- Your task -
The entries below are to be given back exactly, with images excluded.

- Information shown -
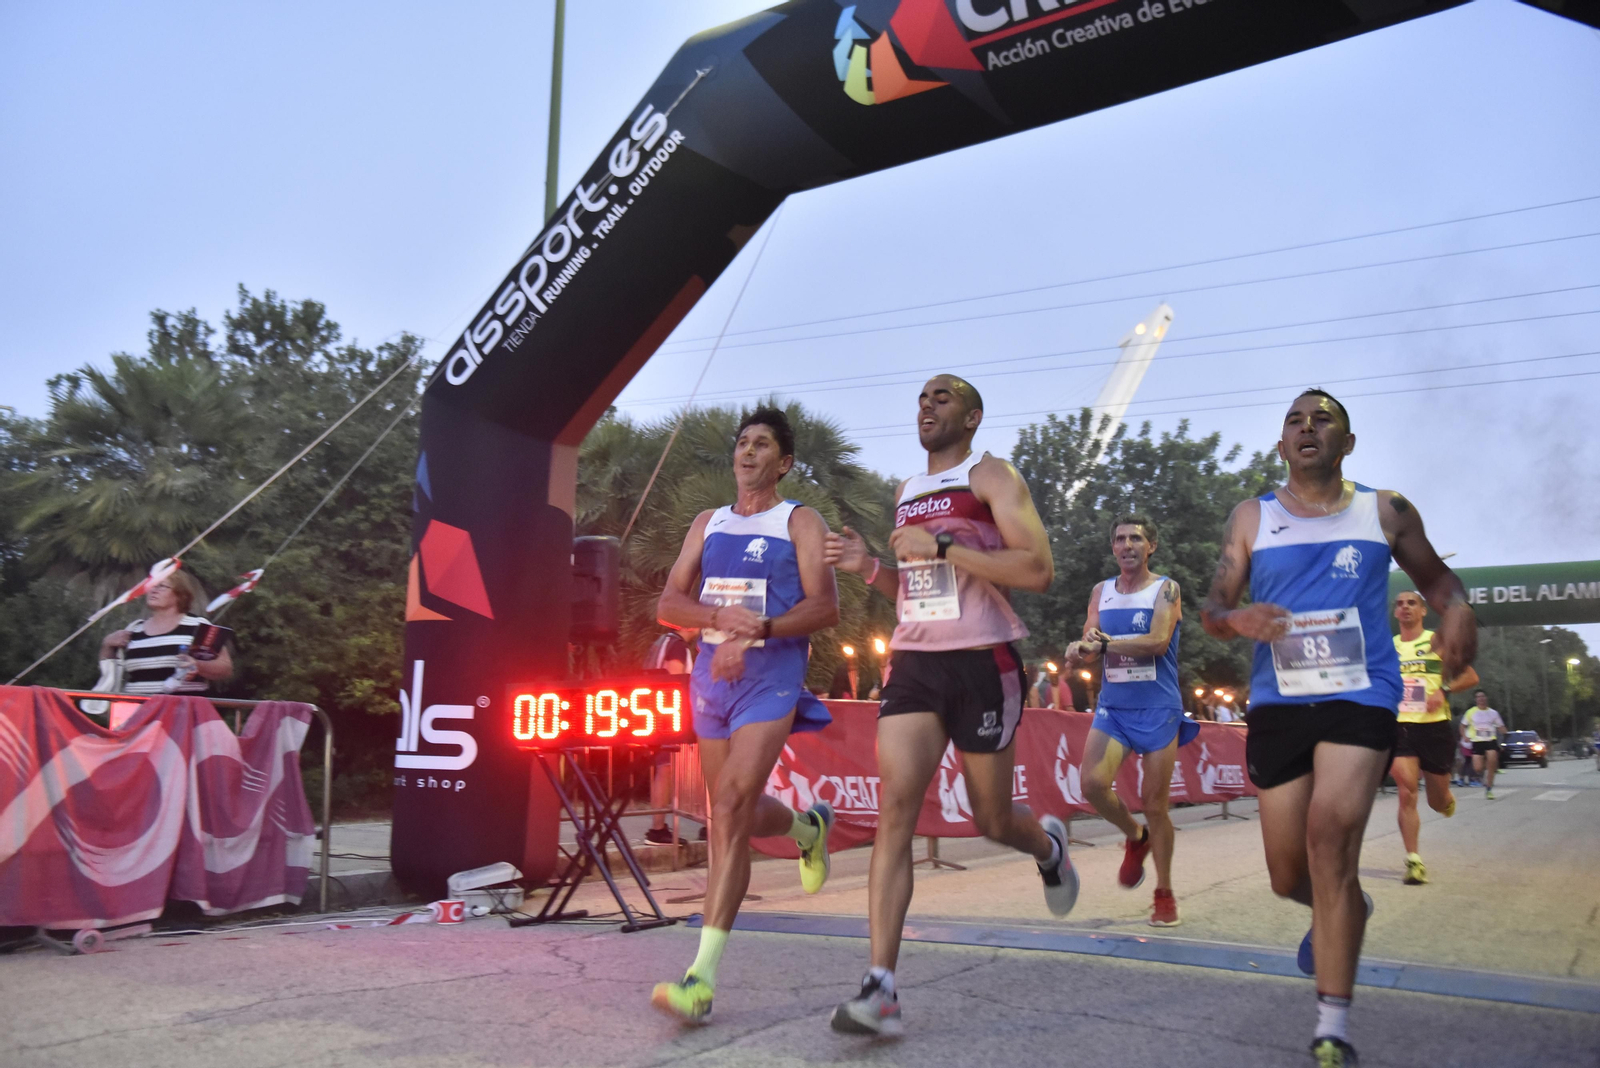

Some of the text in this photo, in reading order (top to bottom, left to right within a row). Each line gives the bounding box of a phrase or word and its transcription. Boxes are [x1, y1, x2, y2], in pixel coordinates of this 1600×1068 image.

[987, 38, 1050, 70] Acción
[1051, 14, 1134, 49] Creativa
[1137, 0, 1166, 23] de
[502, 129, 686, 352] TIENDA RUNNING TRAIL OUTDOOR
[908, 497, 951, 517] Getxo
[907, 569, 933, 591] 255
[1493, 586, 1532, 603] DEL
[1536, 582, 1600, 601] ALAM
[1303, 635, 1331, 659] 83
[513, 688, 682, 740] 00:19:54
[416, 776, 466, 792] shop
[812, 775, 880, 810] CREAT

- Final answer -
Some of the text in this photo, in reading order (top to bottom, left to right within a row). Each line gives the bounding box of a phrase or word and its transcription. Boxes are [x1, y1, x2, y2], in pixel coordinates of this 1600×1068 image.

[987, 38, 1050, 70] Acción
[1051, 14, 1134, 49] Creativa
[1137, 0, 1166, 23] de
[502, 129, 686, 352] TIENDA RUNNING TRAIL OUTDOOR
[908, 497, 951, 517] Getxo
[907, 569, 933, 591] 255
[1493, 586, 1532, 603] DEL
[1536, 582, 1600, 601] ALAM
[1303, 635, 1331, 659] 83
[513, 688, 682, 740] 00:19:54
[416, 776, 466, 792] shop
[812, 775, 880, 810] CREAT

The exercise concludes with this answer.